2025年12月時点、食品や日用品、電気代など生活必需品の価格上昇が続き、家計への負担感が強まっています。消費行動にも変化が見られ、将来への不安が高まっている方も多いのではないでしょうか。
本記事では、インフレが家計に与える影響や物価がいつ落ち着くのかという疑問に対するヒント、そしてインフレ時代に強い資産の特徴についてわかりやすく解説します。
インフレが家計に与える主な影響
家計へ与える直接的な影響
インフレが家計に及ぼす直接的な影響として、食料や電気・ガスなど生活に欠かせない支出が上がります。

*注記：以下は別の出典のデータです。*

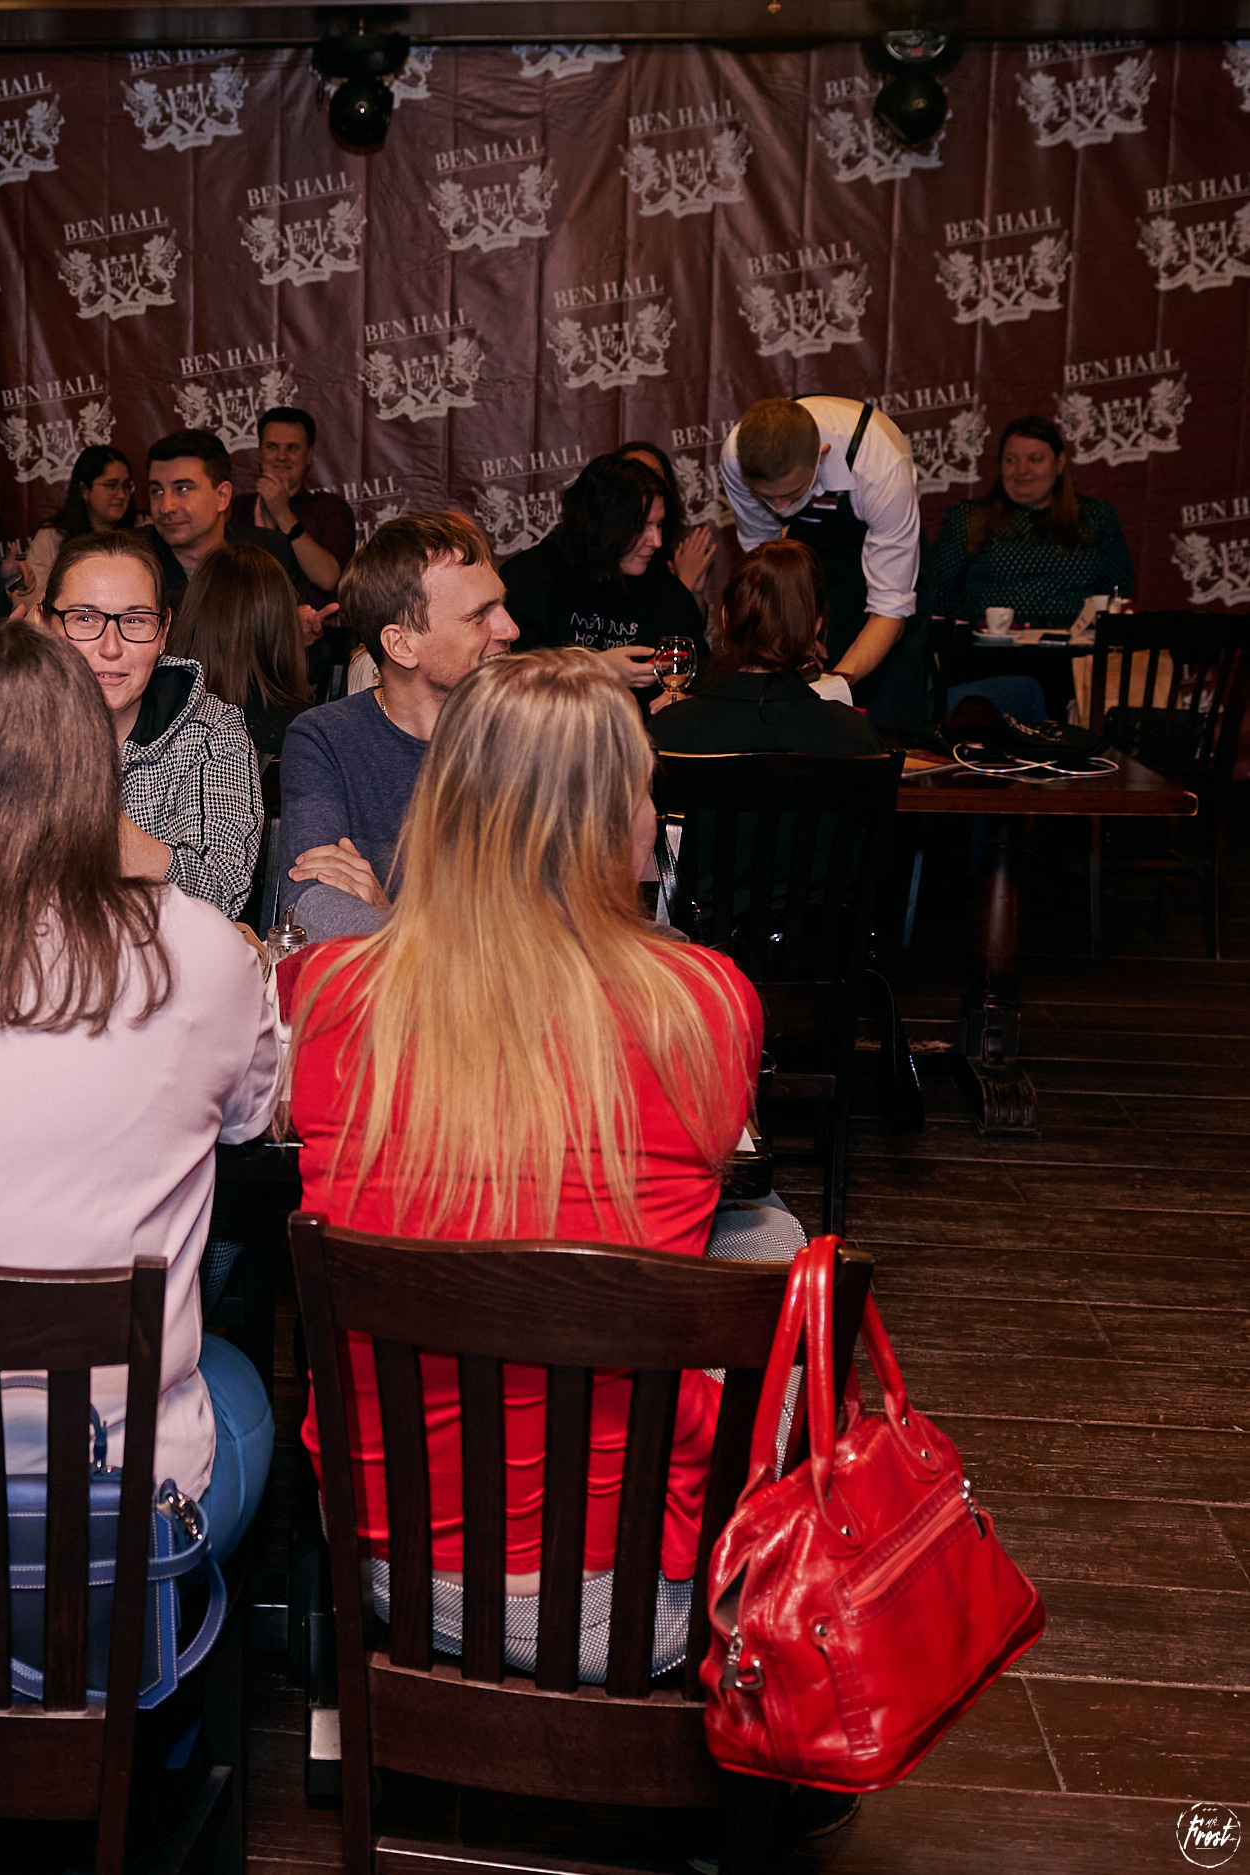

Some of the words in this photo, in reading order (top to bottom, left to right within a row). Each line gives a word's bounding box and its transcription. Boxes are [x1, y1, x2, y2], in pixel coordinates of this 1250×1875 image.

総務省の消費者物価指数では、生鮮食品を除く食料の上昇や、電気代・都市ガス代の上昇幅の拡大が物価を押し上げる要因になります。*1
生活者の実感でも、日本銀行の調査(2025年9月)で、物価が前年より「かなり上がった」69.4%、「少し上がった」25.4%となり、上昇を感じる回答が大半を占めています。*2
支出面では、家計調査(2024年平均)で消費支出が名目では増えても、物価変動を除くと実質で減少しており、同じ生活水準を保つためのやりくりが難しくなります。*3
さらに内閣府は、2022年に物価上昇がなかった場合との差分として家計の負担増加額を、勤労者世帯平均で約13万円と試算しています。*4
内閣府の地域経済報告でも、物価上昇が家計の節約志向を強め、購買行動を慎重にしていると指摘しており*5、生活必需品以外の消費が後回しになり、外食やレジャーなどの支出配分にも変化が生じています。
家計への間接的な影響
インフレが家計に与える間接的な影響として、雇用や賃金の動向が重要です。物価が上昇しても給与が据え置かれれば、実質的な購買力は低下し、自由に使えるお金が減ってしまいます。内閣府の報告によると、賃上げは一部で進んでいるものの、物価上昇に追いついていない現状が指摘されています。*6
そのため、家計は思い切った消費に踏み切れず、将来の支出を抑える傾向が続いています。
一方、賃金アップが進んだ業種や企業では、可処分所得が増え、消費意欲が回復するケースも見られます。2024年の春季労使交渉では33年ぶりの高水準の賃上げが実現し、現役世代の所得が増加したとの分析もあります。*7
しかし、支出を積極的に増やせる層と節約に走る層の二極化が進み、全体の景況感が安定するには時間がかかると考えられます。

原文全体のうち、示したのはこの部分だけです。